The latest results from Berkshire Hathaway Inc. show that the Oracle of Omaha has plenty of cash sloshing around.
And that could be a warning sign for a bull market that’s pushing ever higher, as well as clear evidence that Berkshire BRK.A, +2.34% BRK.B, +2.91% Chairman Warren Buffett is having a tough time putting the conglomerate’s money to work, according to Russ Mould, investment director at AJ Bell, which provides online investment platforms and stockbrokerage services.
“Yet another increase in the total cash pile at his Berkshire Hathaway, to $129.6 billion, despite $12 billion in net new investments in traded securities in the second quarter (mainly Apple AAPL, +0.52% ), suggests that master investor Warren Buffett is still having difficulty in finding value in U.S. — and perhaps global — stocks,” Mould said in a note to clients on Monday.

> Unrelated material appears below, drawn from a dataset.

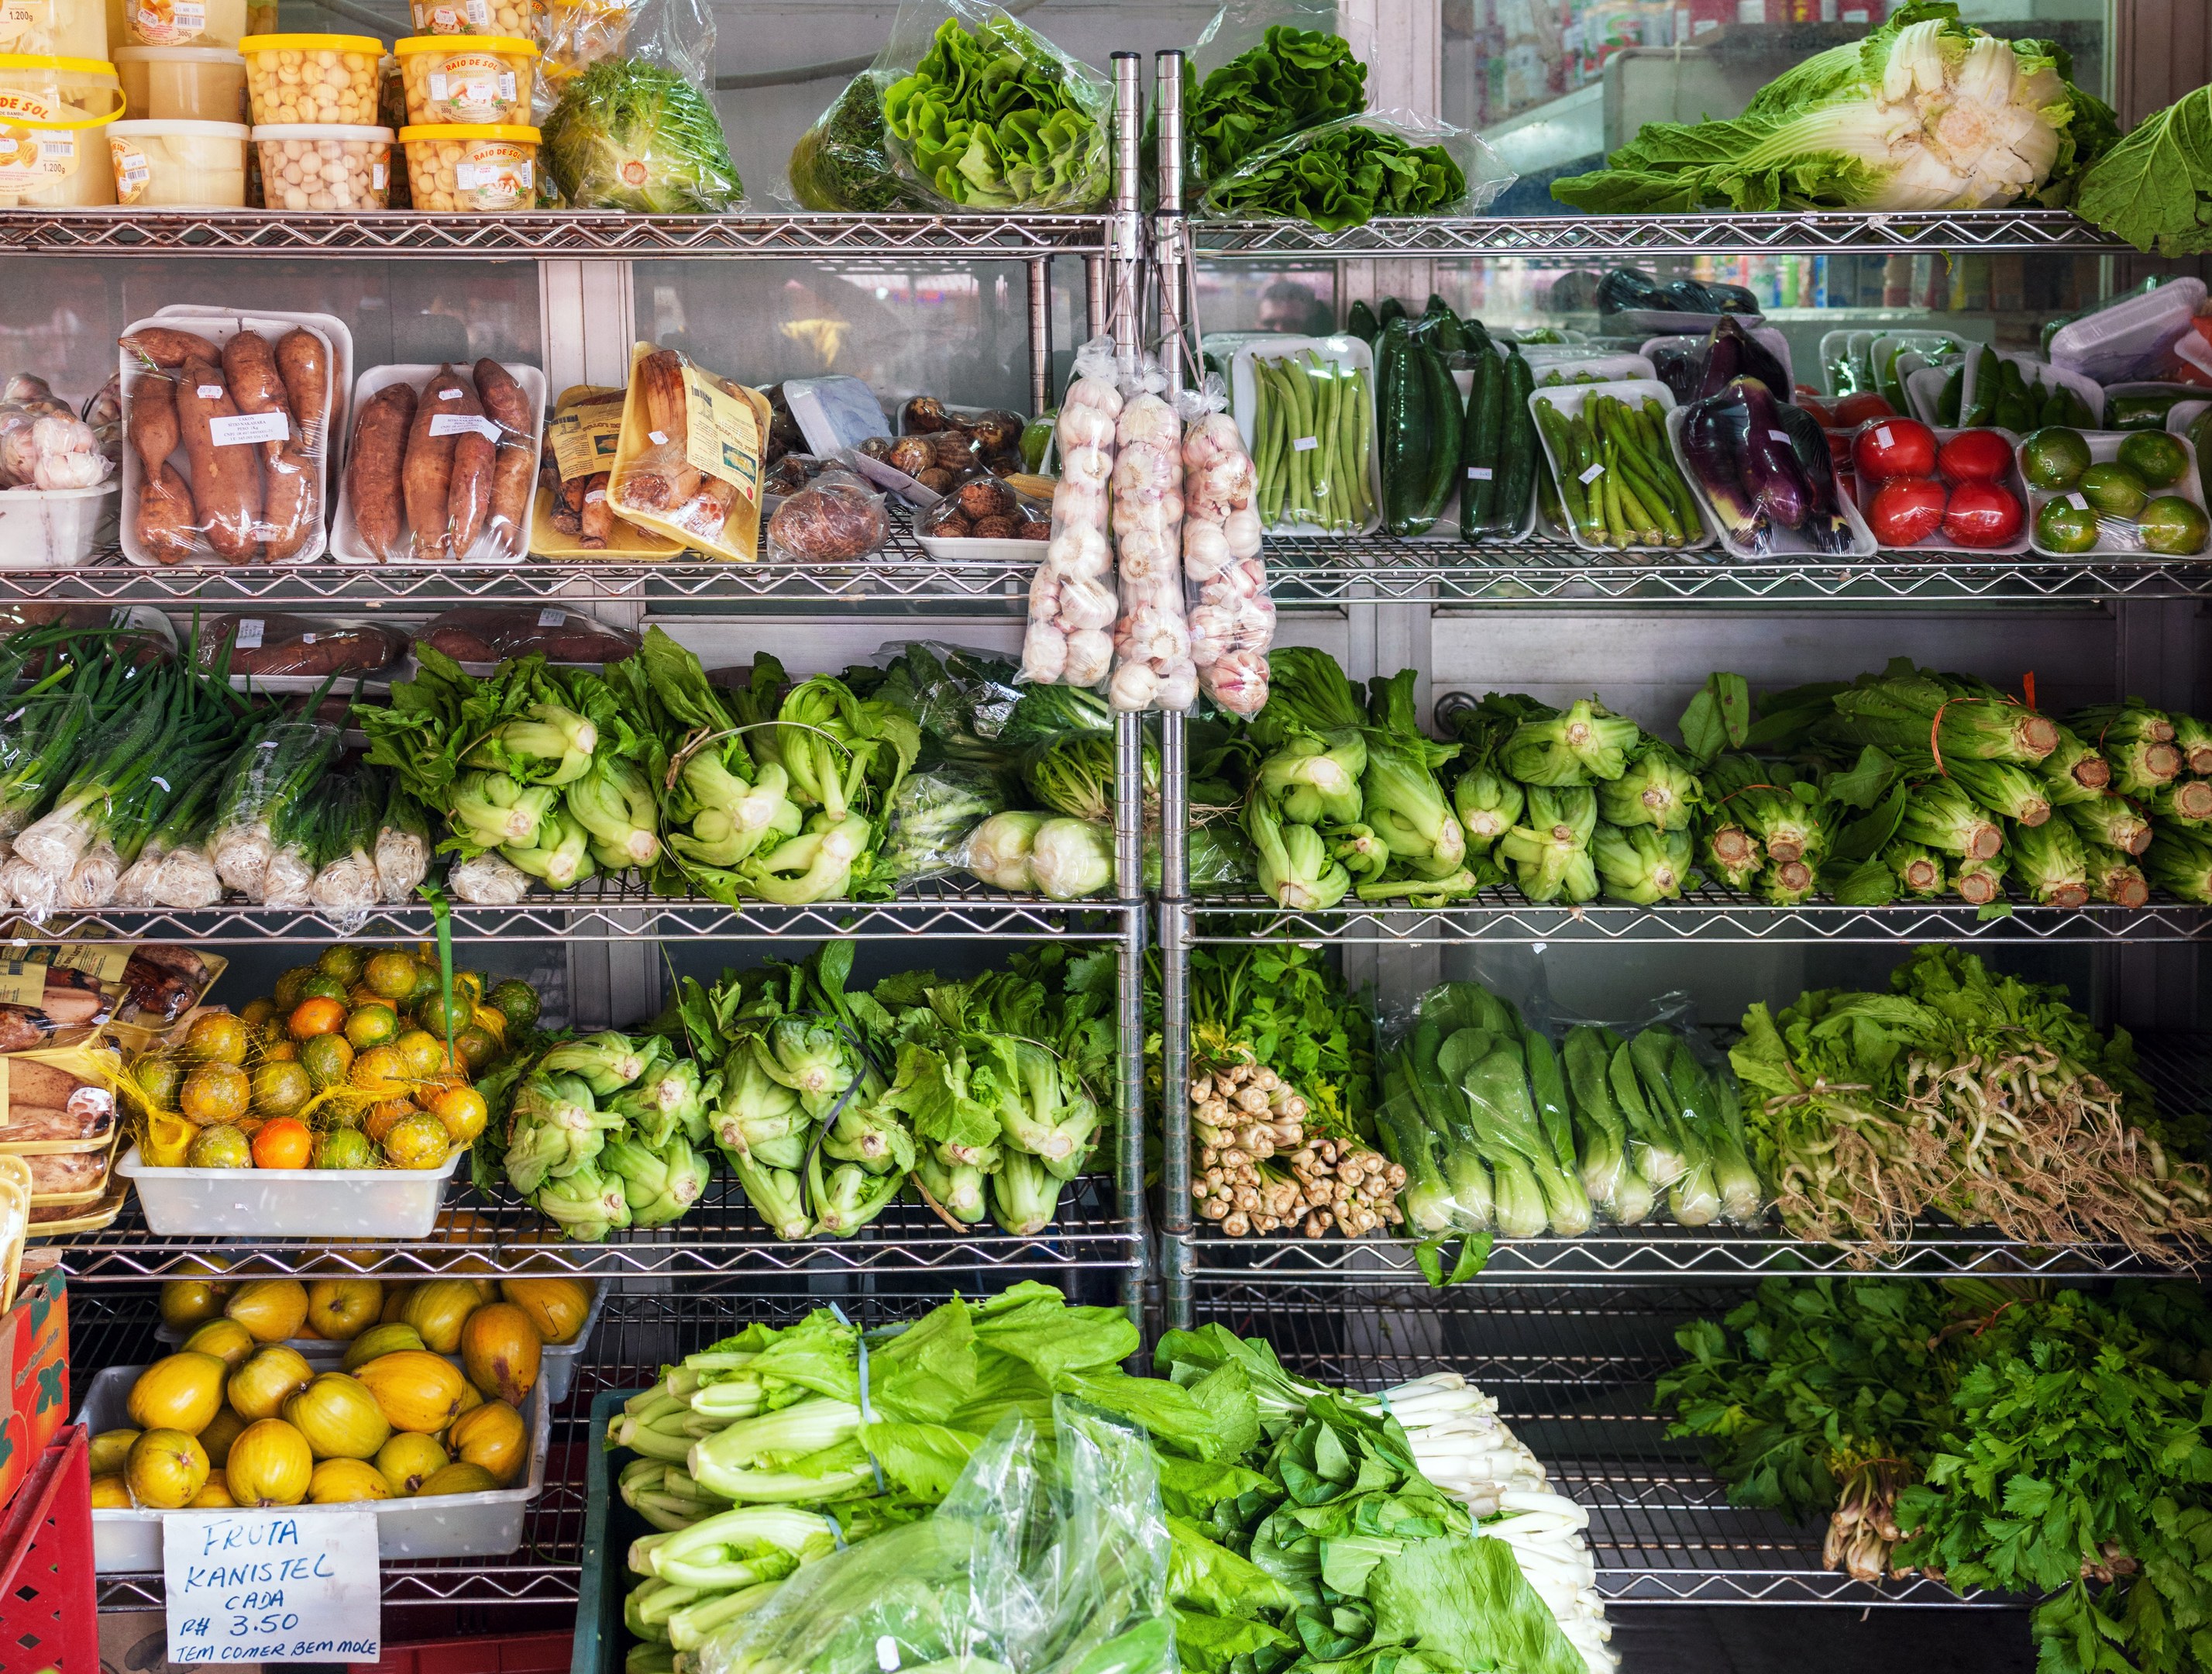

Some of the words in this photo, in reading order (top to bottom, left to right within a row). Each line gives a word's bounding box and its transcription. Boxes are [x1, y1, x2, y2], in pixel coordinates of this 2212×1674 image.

Read: Profit surges at Buffett’s Berkshire Hathaway in the second quarter
Here’s his chart showing how Buffett’s cash mound has grown and grown:
“This is something that investors should consider, as key indexes such as the S&P 500 SPX, +0.35% and FTSE 100 UKX, +0.06% make heavy weather of getting back to, and breaking away from, the all-time highs they set earlier in the year,” said Mould.
As well, investors and executives should take note that “ultimate contrarians” Buffett and partner Charlie Munger are sitting on the sidelines when it comes to acquisitions. Mould noted how Buffett warned in his annual shareholder letter in February of this very thing: Not enough good companies were available to buy at reasonable prices.
Yet research from Moody’s Analytics shows the value of global mergers and acquisitions shooting to $2.6 trillion in the first half of this year, just below a record set in 2007, said Mould.
“M&A tends to peak when animal spirits are running high and often when executives feel their own shares are expensive enough to make them a valuable acquisition currency (not that this is necessarily a good thing for the sellers and the recipients of those shares, namely investors),” he said.
He noted that Berkshire Hathaway’s cash pile grew in 1998-99, just ahead of the bursting of a tech-stock bubble, then again in 2005 to 2007, as markets again became frothy. But then the Berkshire sage and company used the period from 2000 to 2003, and then 2007 and 2009, to buy assets at lower valuations as markets were melting down.
Also read: Warren Buffett’s favorite metric suggests some serious pain awaits investors
Berkshire’s growing mound of money comes as the stock market is just three weeks away from making history as the longest bull market on record.